Si les noms des fleuves sont un guide incertain pour trouver le site d’Eden, et par conséquent l’emplacement des anciens continents, les noms des pays le sont tout autant. Où est le pays de Havila ? Deux descendants de Noé ont porté ce nom, l’un fils de Cus, l’autre fils de Joktan (Genèse 10.7-29), et cela lors de la dispersion ; duquel des deux s’agit-il, et où leur portion leur a-t-elle été assignée ? Qu’est-ce aussi que ce pays de Cus ? Ce nom est donné dans la Bible tantôt à l’Arabie Pétrée, tantôt à la Bactriane, tantôt à l’Assyrie, tantôt à l’Éthiopie ou la Nubie. Après toutes ces incertitudes, qui nous garantit que le pays nommé Assur (Genèse 2.14), soit bien le même qui fut plus tard l’Assyrie.
Nous ne rappellerons pas ici les diverses hypothèses qui ont été faites pour concilier la description du jardin d’Eden avec un endroit quelconque de la terre ; il est facile de les réfuter. L’on n’a pu découvrir jusqu’à présent la véritable position du paradis terrestre, et on ne le pourra jamais, s’il est vrai, comme nous le croyons, qu’il ait été englouti au fond des mers par le déluge avec les anciens continents ; mais l’explication qui nous paraît la plus naturelle et la plus simple est celle-ci : de même que les colons européens qui se sont établis en Amérique, ont donné aux localités nouvelles pour eux des noms de leur ancienne patrie qui leur étaient chers, comme Nouvelle-Espagne, Nouvelle-Angleterre, New-York, Nouvelle-Orléans, ou même des noms européens sans y ajouter l’épithète de nouveau, comme Boston, Vevey, Paris, Francfort, etc. ; ainsi, ceux qui sortirent de l’arche, donnèrent probablement aux montagnes, aux vallées, aux rivières qu’ils découvrirent, les noms qui leur avaient été familiers avant le déluge ; cela explique comment on trouve de grandes rivières comme le Guihon, le Hiddekel (ou Tigre), et l’Euphrate, portant des noms antédiluviens, quoique dans une position géographique relative très différente de leurs prototypes.

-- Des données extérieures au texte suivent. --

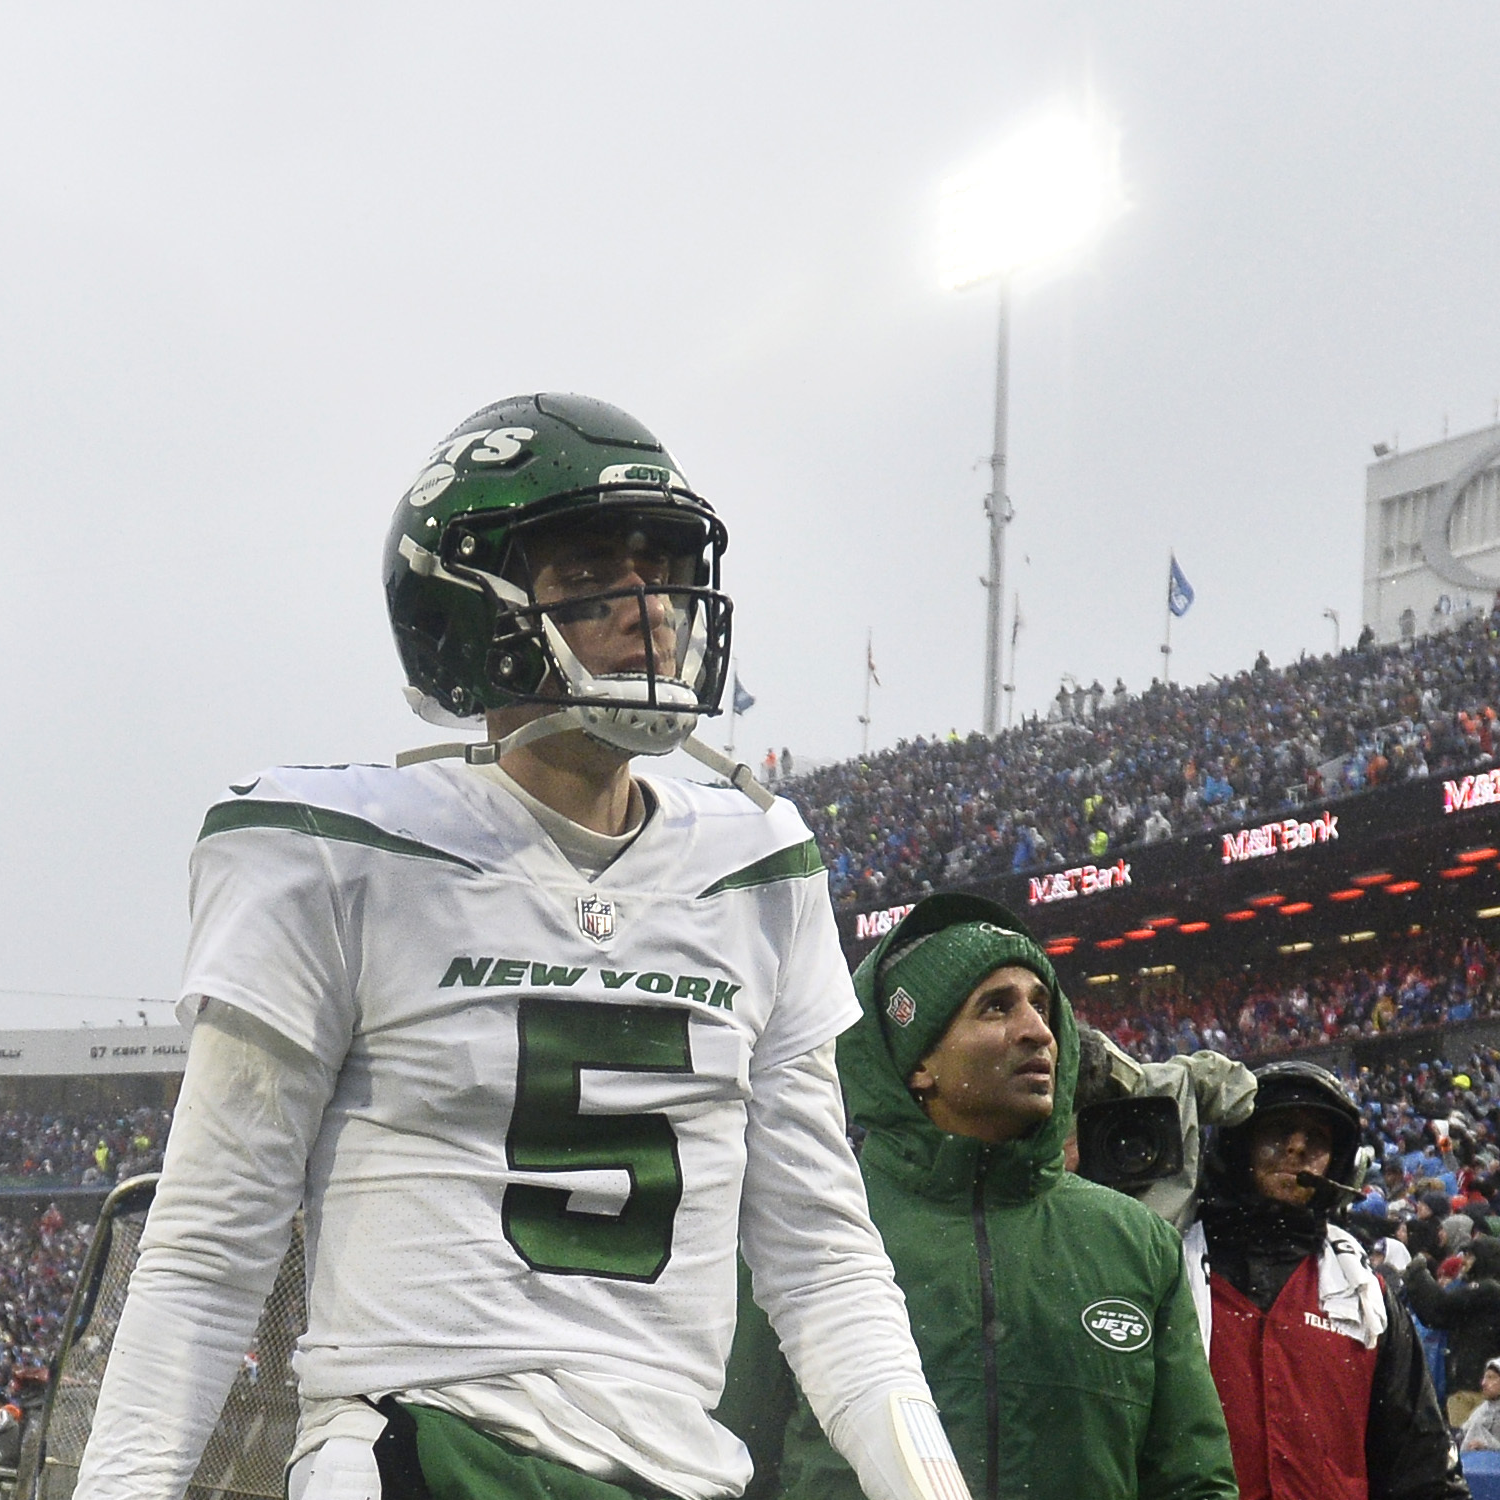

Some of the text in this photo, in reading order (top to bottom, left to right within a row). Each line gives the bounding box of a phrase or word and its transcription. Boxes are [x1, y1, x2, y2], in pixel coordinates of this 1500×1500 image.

Autre difficulté : le mont Ararat, sur lequel l’arche de Noé s’arrêta, est aujourd’hui couvert de neiges qui ne se fondent jamais ; comment Noé et sa famille ont-ils pu vivre dans une température si froide et dans un air si raréfié ? Réponse : à mesure que les eaux s’élevaient, les couches atmosphériques s’élevaient avec elles, de telle façon que l’air qui environnait l’arche au moment même de la plus haute crue des eaux, n’était ni plus froid, ni plus raréfié que celui qu’on respirerait de nos jours au niveau de la mer à la même latitude. Ceci est d’autant plus important à remarquer que nous verrons tout à l’heure que l’arche s’est probablement arrêtée dans des régions bien autrement élevées, relativement aux basses terres actuelles, que ne le sont les montagnes de l’Arménie.
Pour n’avoir pas voulu recevoir purement et simplement le récit de Moïse, on s’est aussi créé bien des difficultés relativement à l’arche. Nous ne les rappellerons pas ici, puisqu’elles sont traitées et aplanies dans une autre partie de cet ouvrage (v. Arche) ; nous ajouterons seulement que, si comme on a tout lieu de le croire, la température de la terre était avant le déluge plus chaude et plus uniforme qu’elle ne l’est de nos jours ; si de plus, comme M. de Rougemont l’a établi, le nombre des espèces d’animaux était moindre avant qu’après le déluge, il n’y a rien que de très facile à comprendre dans tout ce récit.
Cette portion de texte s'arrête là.